Running gemini-cli-core as a daemon — The core library is designed to power an interactive terminal session, not a background daemon. We essentially run it in a loop — each Telegram message creates a Gemini session, sends the message, streams the response, handles tool calls, and replies. From Google's perspective this looks identical to someone using the regular Gemini CLI, just over and over. Trying to avoid TOS violations 😢, no custom API calls — it's the same @google/gemini-cli-core package doing the same thing it always does.

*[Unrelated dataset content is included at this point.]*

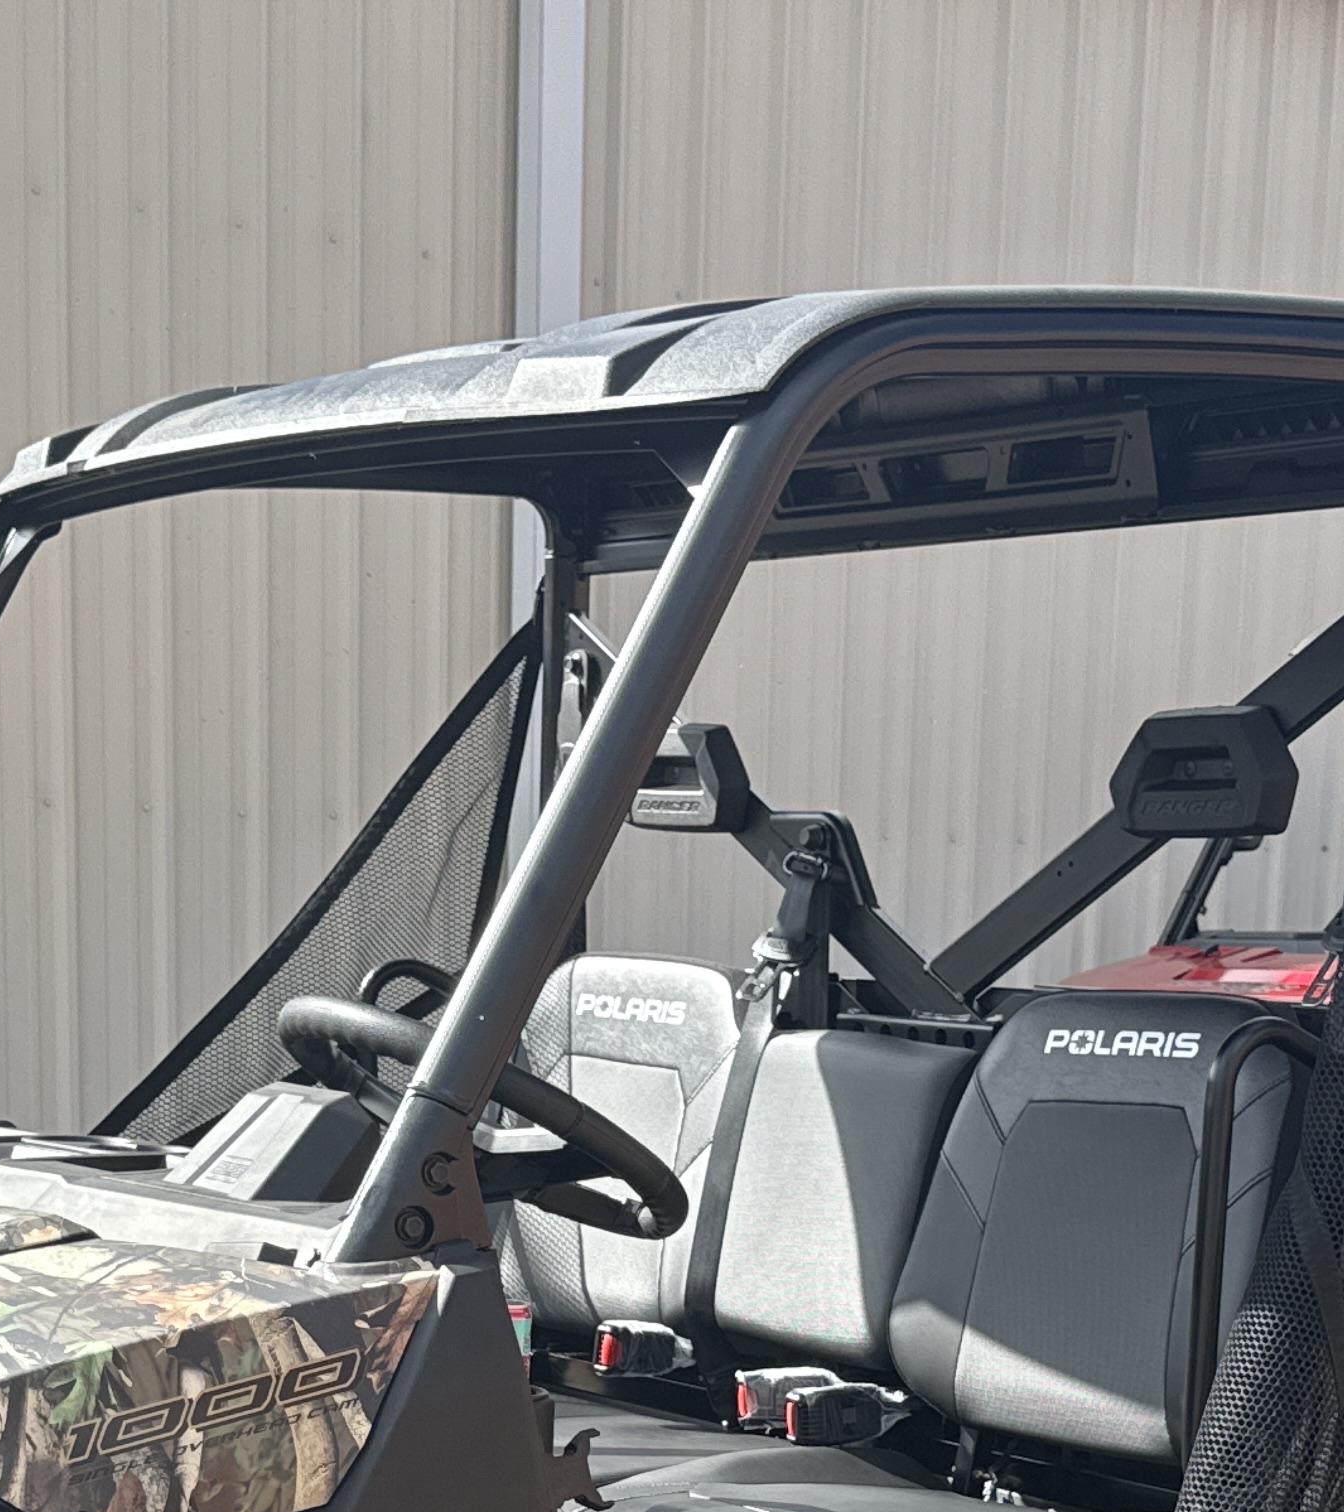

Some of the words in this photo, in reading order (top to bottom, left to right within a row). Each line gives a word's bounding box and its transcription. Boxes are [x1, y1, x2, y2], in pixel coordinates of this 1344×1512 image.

Suppressing a ton of noisy logs — The Gemini CLI has a fancy TUI (built with React/Ink) that captures all console.log/console.debug output and routes it to a debug drawer. We don't have a TUI. So all those internal debug messages ([DEBUG] MemoryDiscovery, Hook registry initialized, Experiments loaded { ... }, etc.) would just dump straight to the user's terminal. We had to mute console.log/console.debug/console.warn globally and use our own custom logger that writes to stderr instead. Works fine, but it's a bit of a hack — if the core library ever logs something actually important via console.error, we'd miss it. Could probably be improved with a smarter filter later.

OAuth consent handler — The core library's OAuth flow expects either a TUI consent dialog (via an event emitter) or headless mode. We're neither — we're an interactive terminal during setup but a background daemon after. So we register a custom ConsentRequest event listener that prompts via readline, close it before the OAuth probe runs (to avoid two readline instances fighting over stdin), and then reopen it after. The readline juggling is ugly but necessary.

Markdown formatting — Gemini's responses come as markdown, but Telegram needs HTML. We convert with markdown-it, which works great for complete messages. During streaming though, partial markdown (like **bold without the closing **) produces ugly output with literal asterisks. So we stream as plain text and only apply formatting on the final message — one clean edit at the end.

A lot of these things can be improved, which I would do as I get time, but thing still works (and also good enough for my mom)

Acknowledgments

This project would not be possible without Gemini CLI by Google. Thank you for making it open source under the Apache 2.0 license — it enabled building this Telegram integration on top of the same powerful core engine.